* **Your goal**
Since pictures are not wanted in the copy, output only the rest of each record exactly.
Start of Material shown
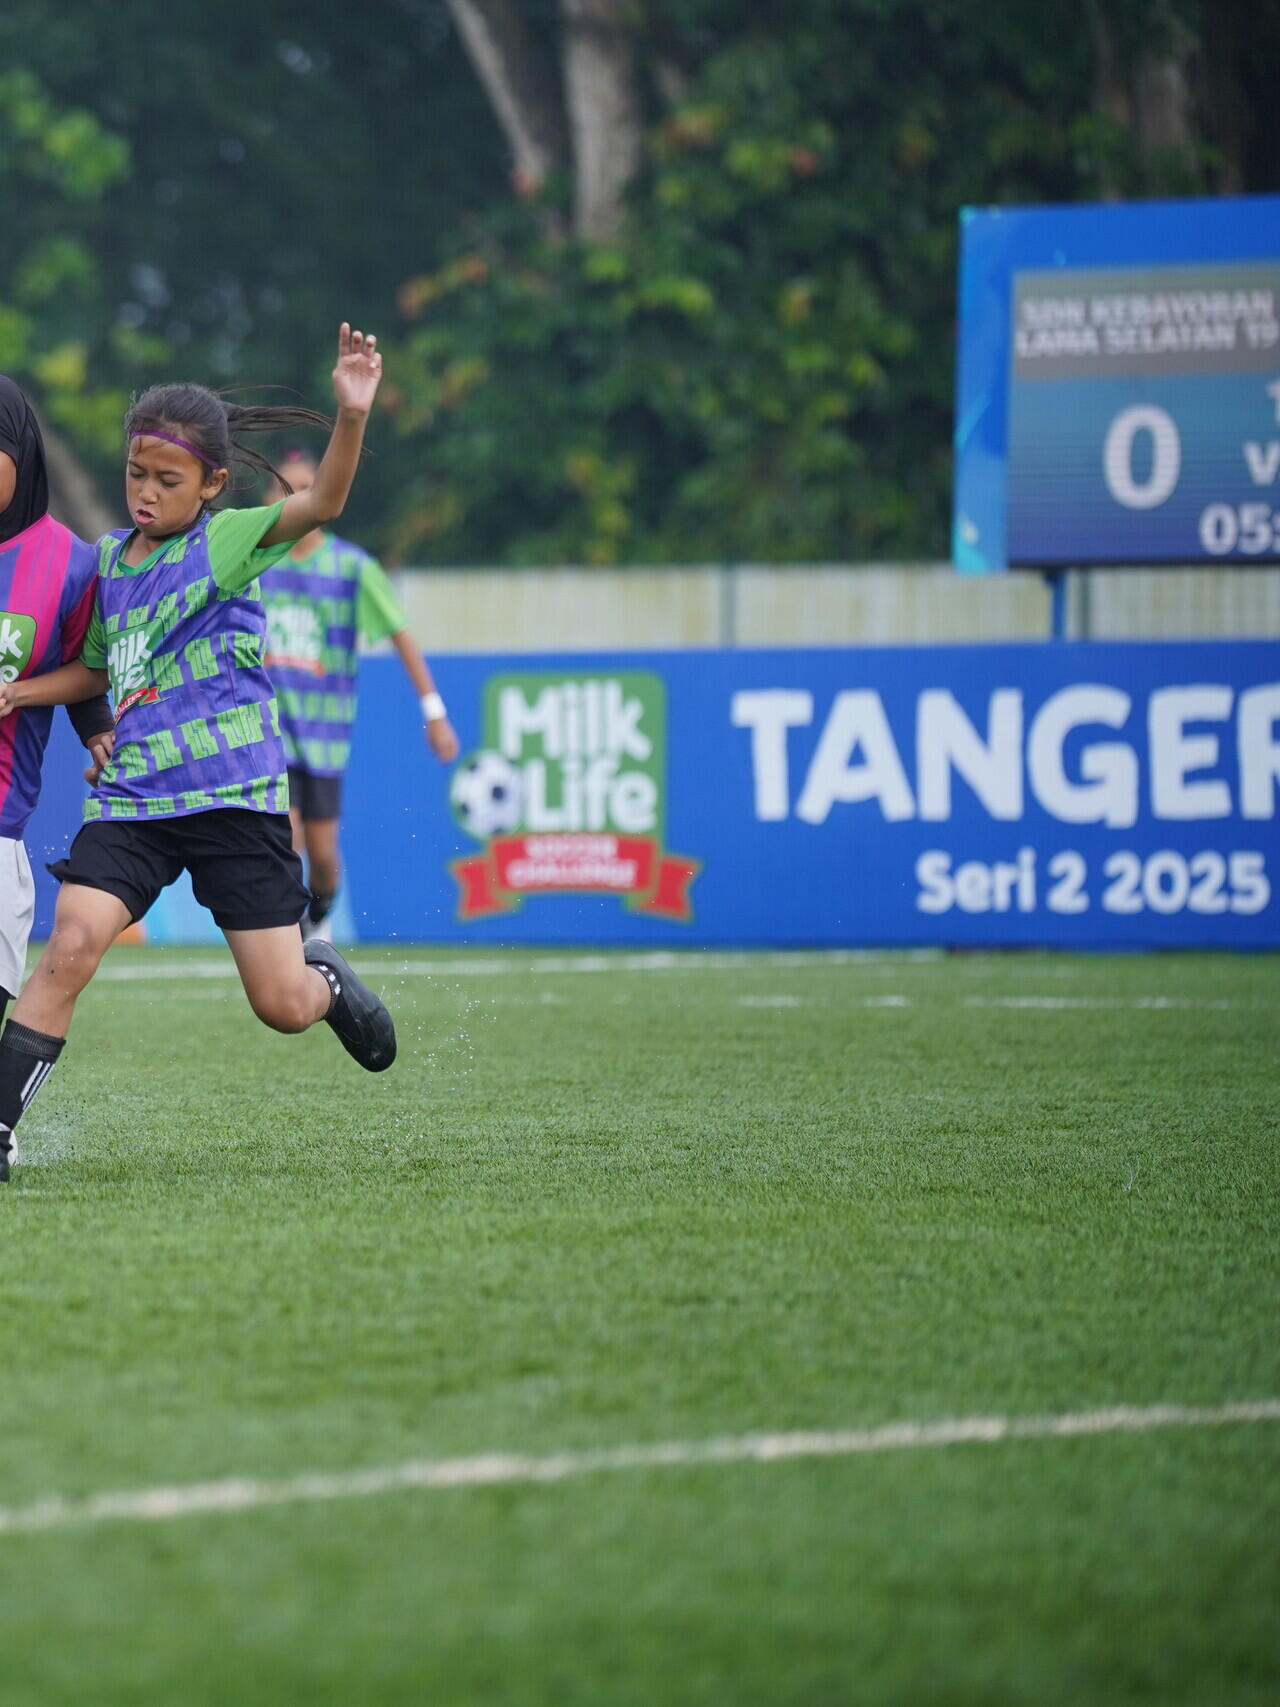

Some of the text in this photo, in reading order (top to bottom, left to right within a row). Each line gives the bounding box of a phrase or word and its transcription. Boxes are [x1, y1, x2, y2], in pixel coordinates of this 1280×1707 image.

[1103, 403, 1181, 510] 0
[499, 680, 653, 762] Milk
[521, 757, 658, 832] Life
[915, 847, 1270, 915] Seri 2 2025
End of Material shown
* **Response for this exercise**
Some of the text in this photo, in reading order (top to bottom, left to right within a row). Each line gives the bounding box of a phrase or word and its transcription. Boxes are [x1, y1, x2, y2], in pixel coordinates of this 1280×1707 image.

[1103, 403, 1181, 510] 0
[499, 680, 653, 762] Milk
[521, 757, 658, 832] Life
[915, 847, 1270, 915] Seri 2 2025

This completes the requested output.